We construct the first efficient MPC protocol that only requires black-box access to a non-commutative ring $R$. Previous results in the same setting were efficient only either for a constant number of corruptions or when computing branching programs and formulas. Our techniques are based on a generalization of Shamir's secret sharing to non-commutative rings, which we derive from the work on Reed Solomon codes by Quintin, Barbier and Chabot (IEEE Transactions on Information Theory, 2013). When the center of the ring contains a set $A = \{\alpha_0, \ldots, \alpha_n\}$ such that $\forall i \neq j, \alpha_i - \alpha_j \in R^*$, the resulting secret sharing scheme is strongly multiplicative and we can generalize existing constructions over finite fields without much trouble. Most of our work is devoted to the case where the elements of $A$ do not commute with all of $R$, but they just commute with each other. For such rings, the secret sharing scheme cannot be linear ``on both sides" and furthermore it is not multiplicative.
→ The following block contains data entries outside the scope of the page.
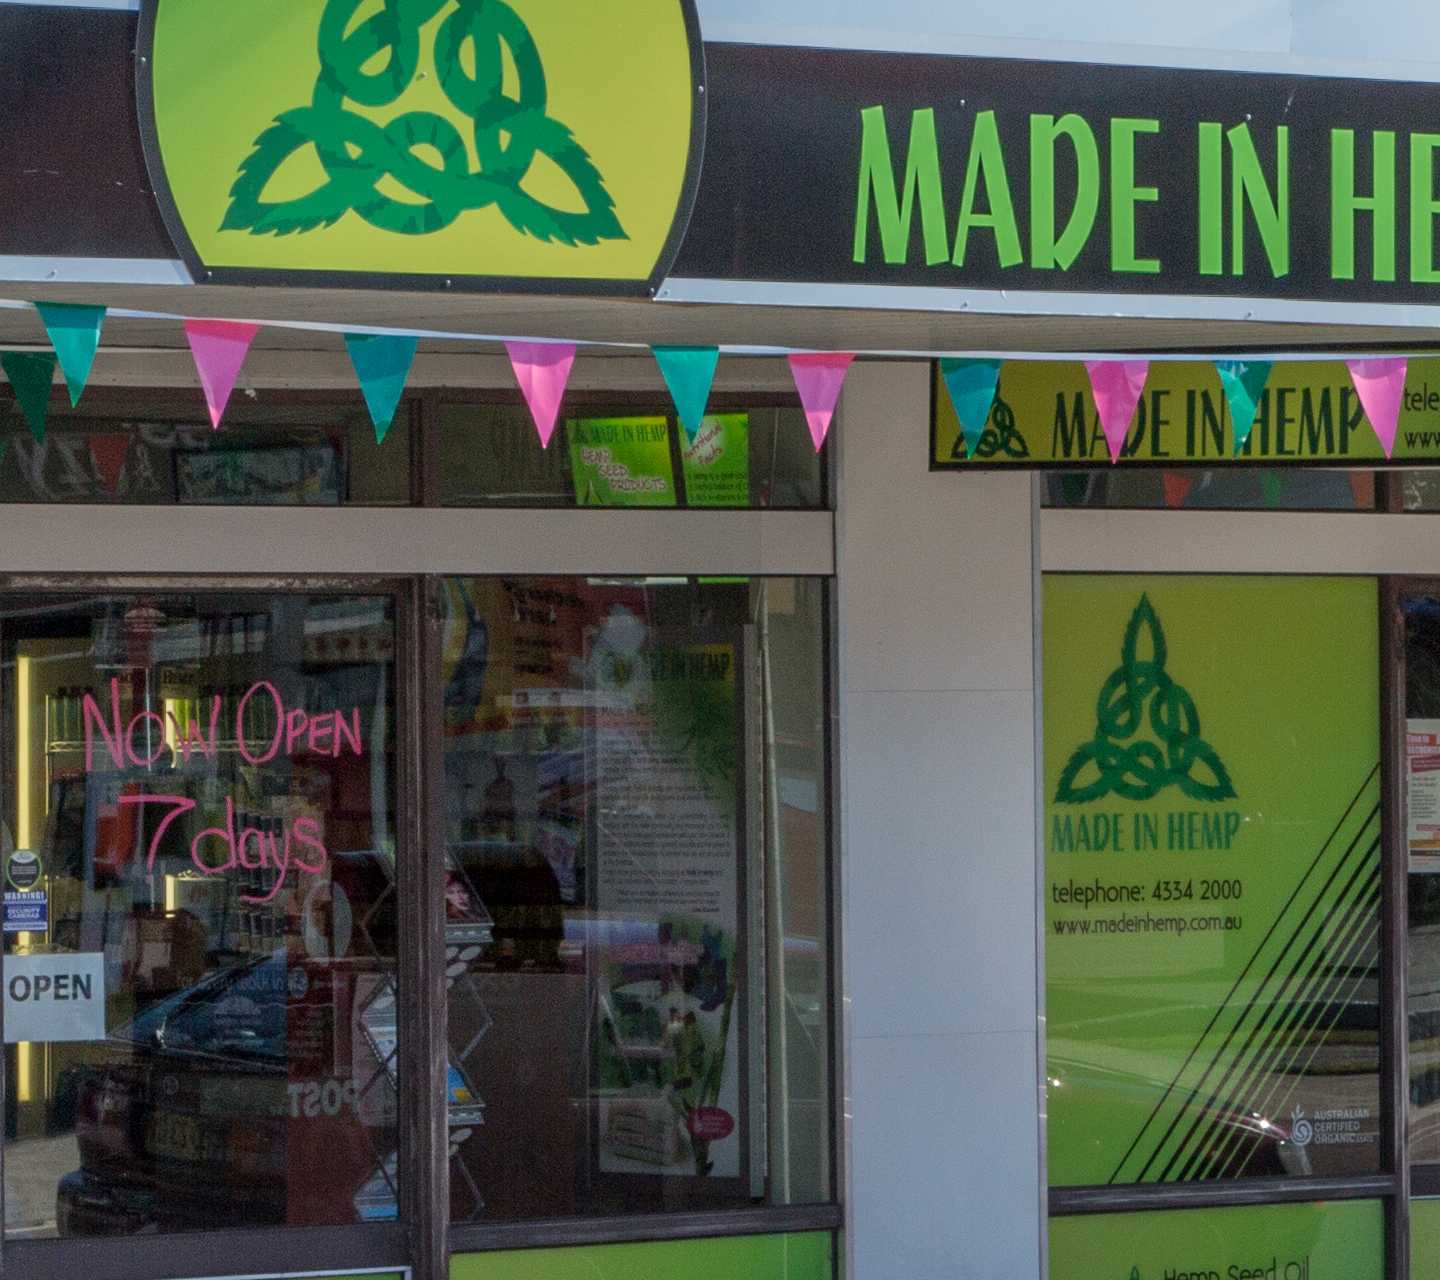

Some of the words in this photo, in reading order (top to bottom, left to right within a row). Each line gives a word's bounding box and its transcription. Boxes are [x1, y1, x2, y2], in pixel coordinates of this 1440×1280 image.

[853, 105, 1162, 273] MADE
[1198, 122, 1290, 279] IN
[1186, 389, 1226, 457] IN
[82, 677, 222, 771] NOW
[236, 680, 363, 765] OPEN
[117, 793, 195, 883] 7
[190, 796, 328, 904] days
[1051, 813, 1125, 853] MADE
[1133, 812, 1159, 852] IN
[1166, 811, 1241, 852] HEMP
[1052, 882, 1146, 909] telephone:
[1151, 881, 1194, 901] 4334
[1200, 880, 1242, 901] 2000
[1053, 912, 1243, 937] www.madeinhemp.com.au
[9, 974, 92, 1002] OPEN
[1314, 1109, 1370, 1120] AUSTRALIAN
[1314, 1121, 1360, 1132] CERTIFIED
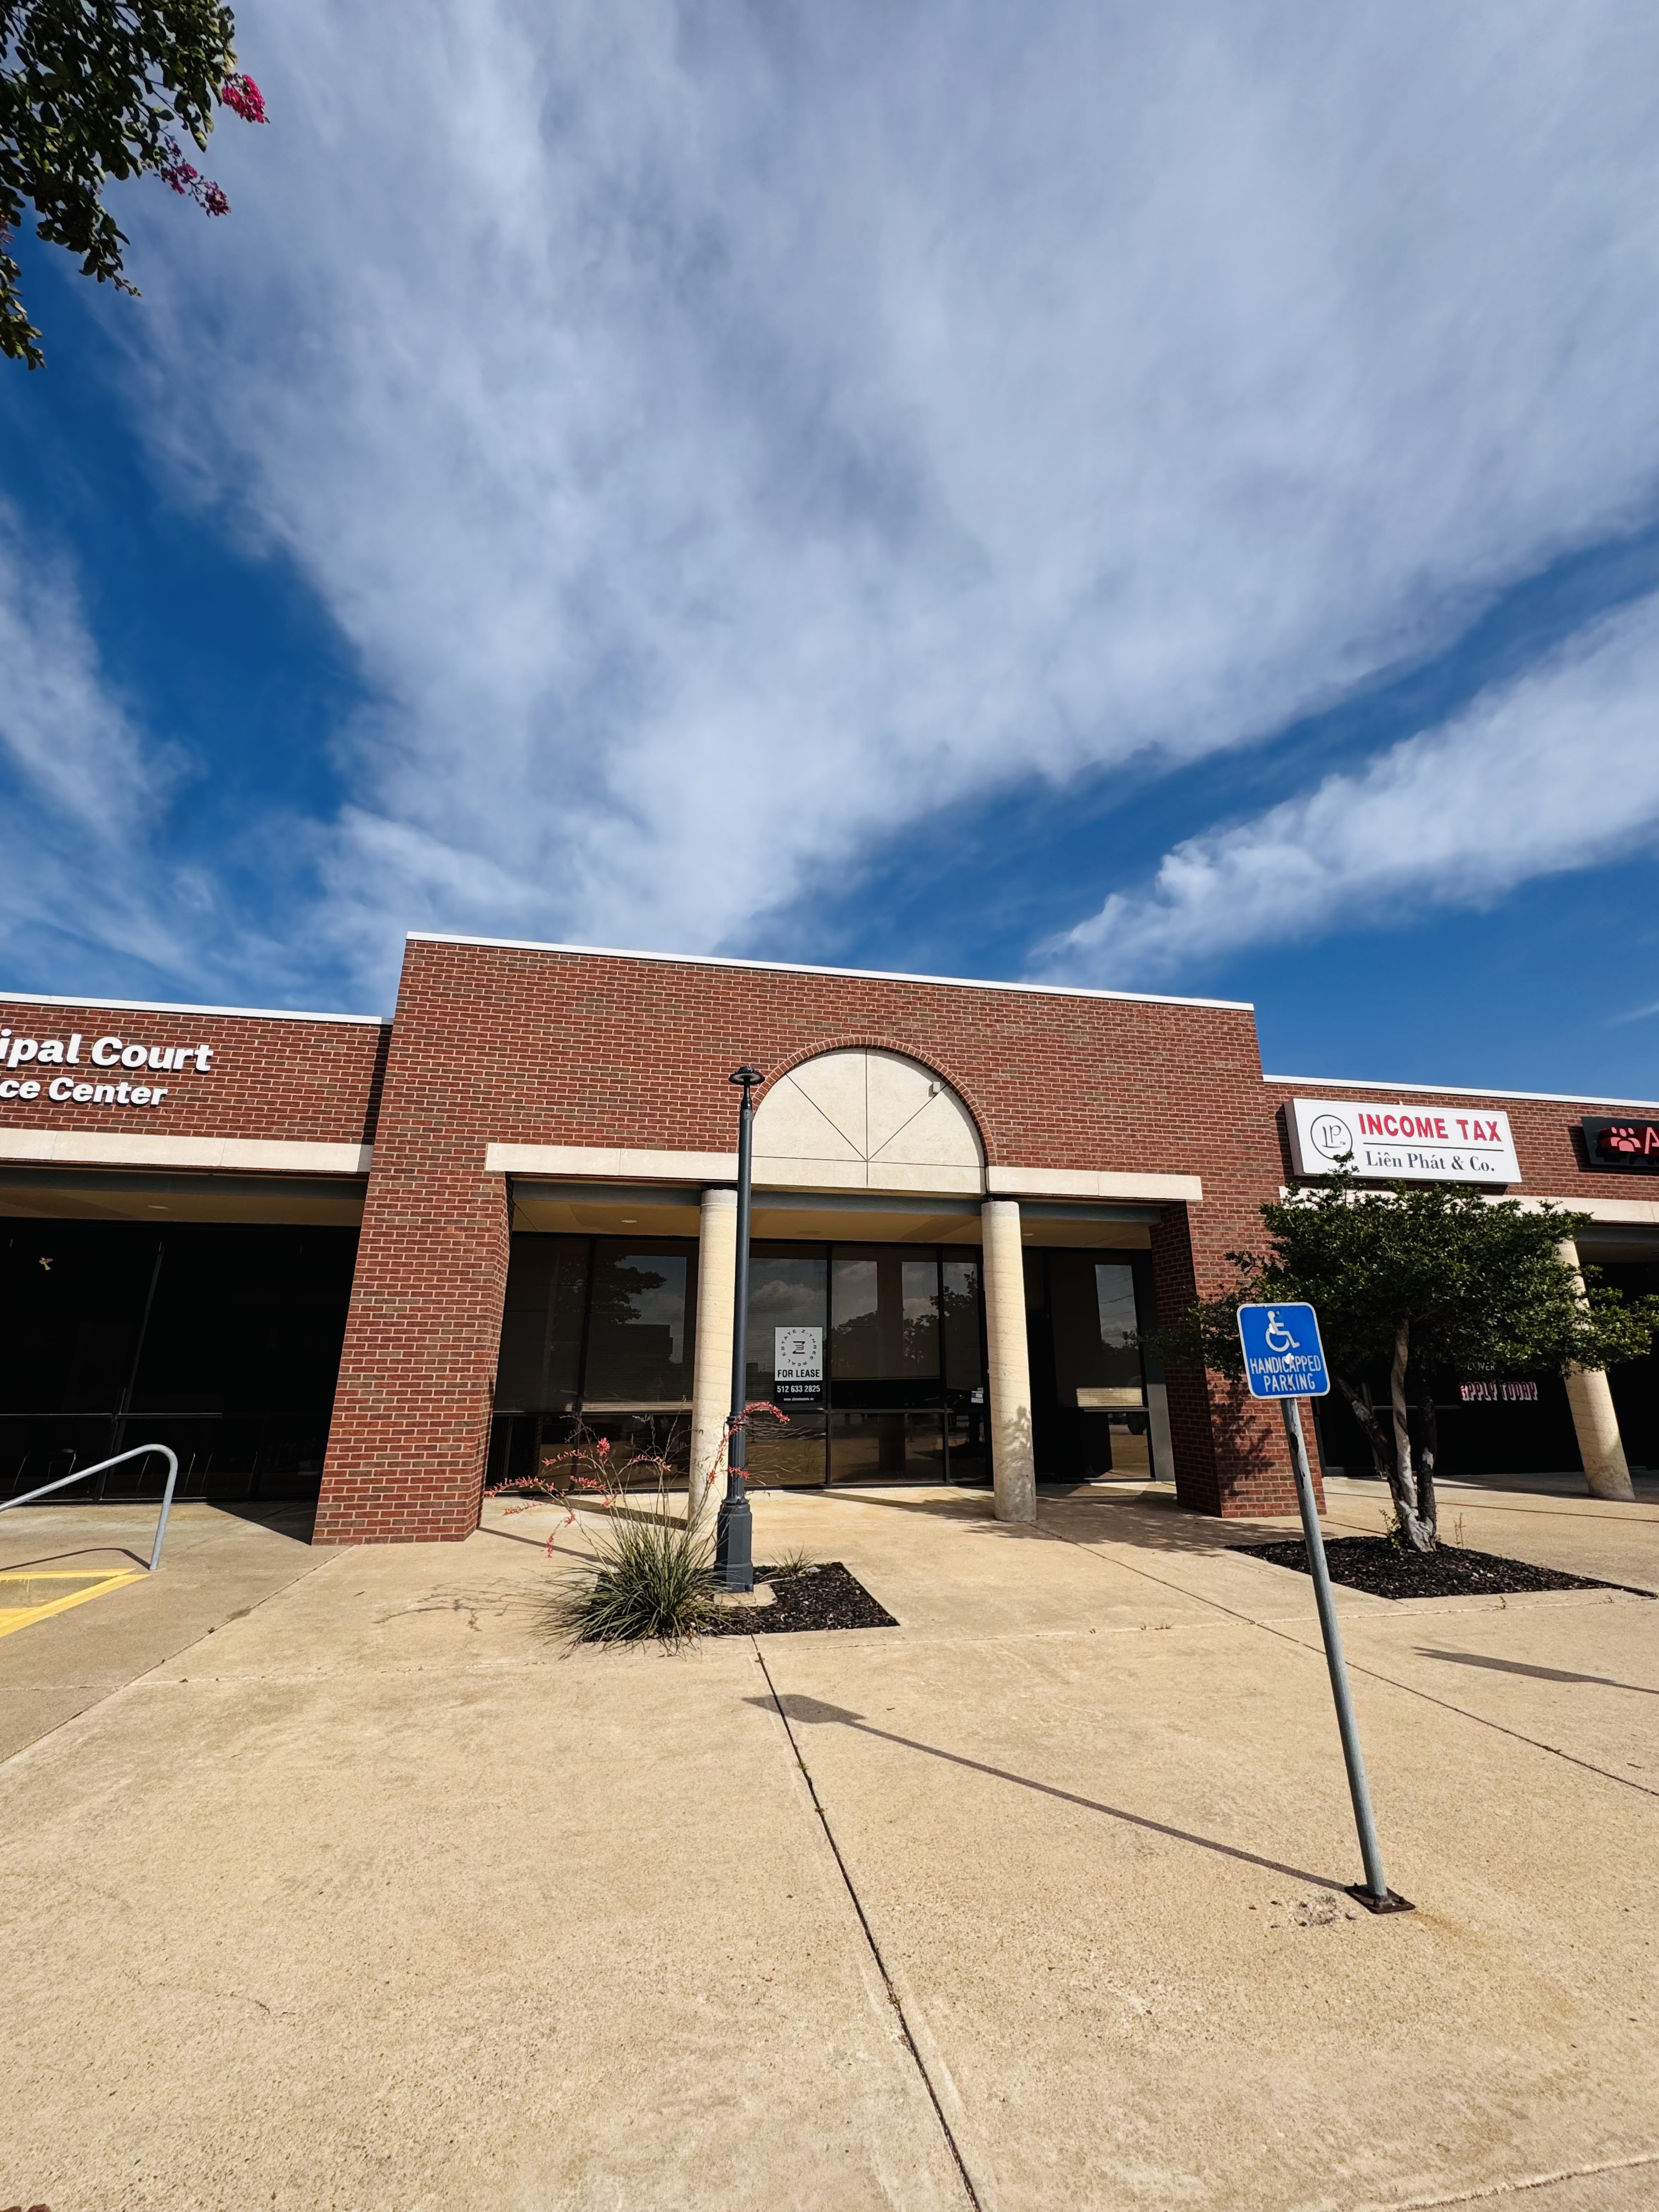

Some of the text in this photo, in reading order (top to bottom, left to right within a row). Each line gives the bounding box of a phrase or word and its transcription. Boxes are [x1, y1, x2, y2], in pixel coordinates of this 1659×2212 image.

Nevertheless, we are still able to build MPC protocols with a concretely efficient online phase and black-box access to $R$. As an example we consider the ring $\mathcal{M}_{m\times m}(\mathbb{Z}/2^k\mathbb{Z})$, for which when $m > \log(n+1)$, we obtain protocols that require around $\lceil\log(n+1)\rceil/2$ less communication and $2\lceil\log(n+1)\rceil$ less computation than the state of the art protocol based on Circuit Amortization Friendly Encodings (Dalskov, Lee and Soria-Vazquez, ASIACRYPT 2020). In this setting with a ``less commutative" $A$, our black-box preprocessing phase has a less practical complexity of $\poly(n)$. Due to this, we additionally provide specialized, concretely efficient preprocessing protocols for $R = \mathcal{M}_{m\times m}(\mathbb{Z}/2^k\mathbb{Z})$ that exploit the structure of the matrix ring.